The Campanile’s north and south clock faces were discovered to be malfunctioning early Tuesday afternoon.
Tradespeople from UC Berkeley Facilities Services began repairing the south face about 9 a.m. Wednesday morning after receiving reports that the clock was running behind, according to Eric Ellisen, a Facilities Services regional manager.
The south face was repaired successfully by Wednesday afternoon and is now functioning normally. The north face, which is currently running behind, will be repaired Thursday morning, Ellisen said.
Ellisen added that these problems were likely caused by issues with the gears and motors of the separate faces. Though the four clock faces are electronically connected by a single synchronizer clock, they are mechanically independent.

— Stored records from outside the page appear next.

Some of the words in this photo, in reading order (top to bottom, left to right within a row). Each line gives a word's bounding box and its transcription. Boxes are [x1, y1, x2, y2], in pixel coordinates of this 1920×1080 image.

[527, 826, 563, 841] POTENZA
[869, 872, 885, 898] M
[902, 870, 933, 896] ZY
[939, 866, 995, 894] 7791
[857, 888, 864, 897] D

Therefore, the north and south faces’ failures were likely independent occurrences, according to Ellisen.
This type of problem is not uncommon, Ellisen added, but it does not occur frequently.
“(The Campanile’s) lasted a hundred years, so it is well-built,” Ellisen said. “I would say stuff like this might happen at most two or three times a year.”

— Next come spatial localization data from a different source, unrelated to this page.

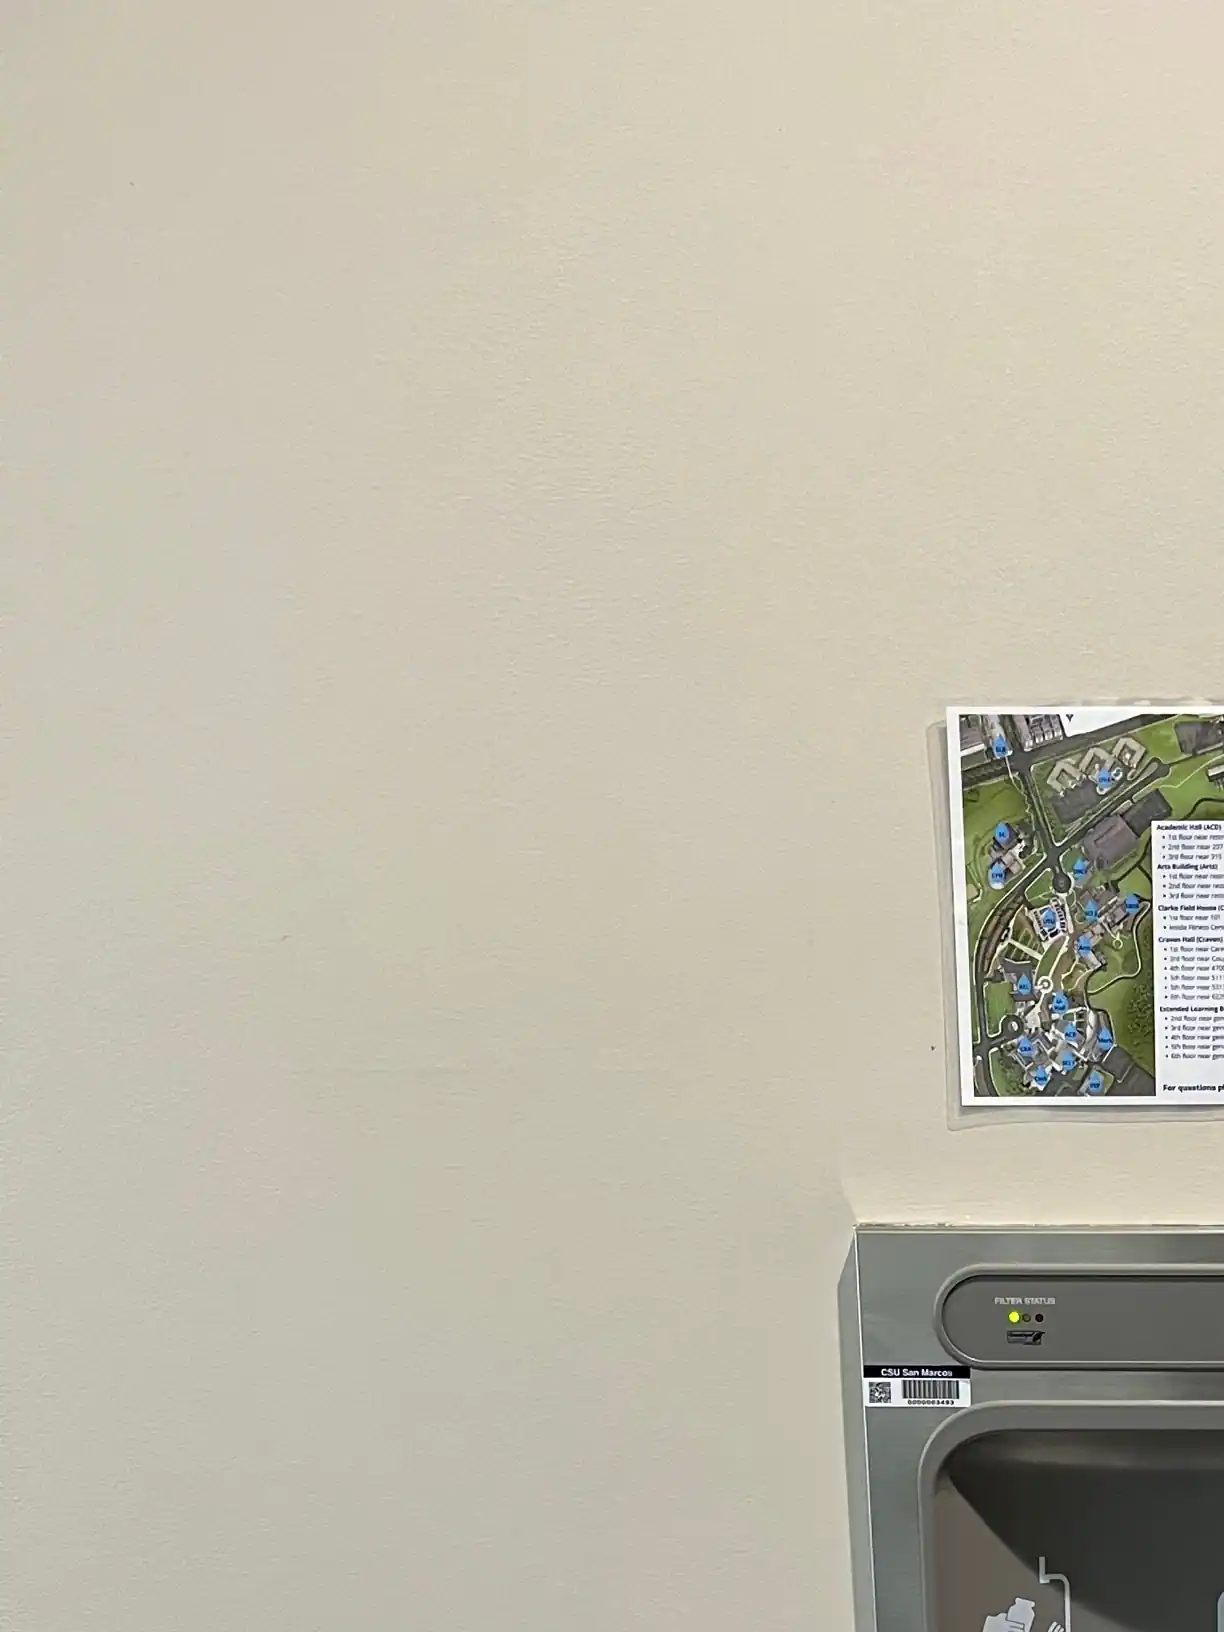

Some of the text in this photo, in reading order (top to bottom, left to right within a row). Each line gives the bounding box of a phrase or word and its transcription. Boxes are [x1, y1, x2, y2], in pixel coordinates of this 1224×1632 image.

[1178, 1084, 1216, 1093] questions
[994, 1297, 1056, 1305] FILTER STATUS
[881, 1368, 953, 1376] CSU San Marcos
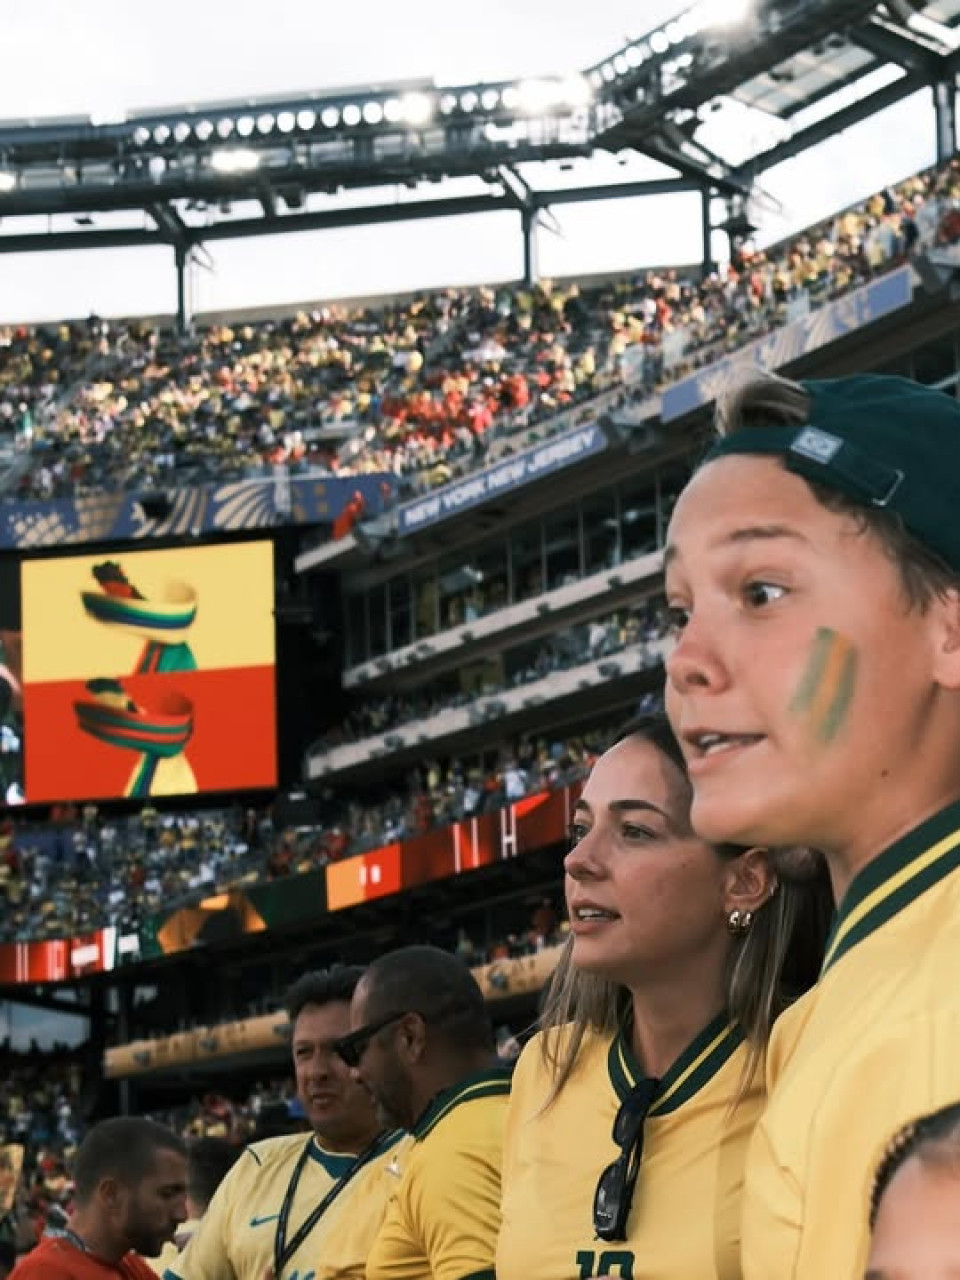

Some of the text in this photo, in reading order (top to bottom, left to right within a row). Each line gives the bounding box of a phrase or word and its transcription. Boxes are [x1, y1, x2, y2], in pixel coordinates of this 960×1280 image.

[404, 429, 596, 526] NEW YORK NEW JERSEY

Ellisen added that such failures can typically be attributed to the Campanile’s old age. Most of the clock mechanisms are original, making them more than a century old.
Ellisen estimated that this specific repair will likely cost a few hundred dollars per face. More significant repairs, he added, could cost thousands of dollars.
There are currently no plans to alter the clocks to prevent such problems in the future because of the costly nature of such renovations, according to Ellisen.
University carillonist Jeff Davis said the fact that the Campanile’s clocks are still functioning is a “miracle.”
“The clocks are over 100 years old and have been ticking away every minute, day in and day out, month after month, year after year, decade after decade,” Davis said in an email. “It’s a miracle to me that they work.”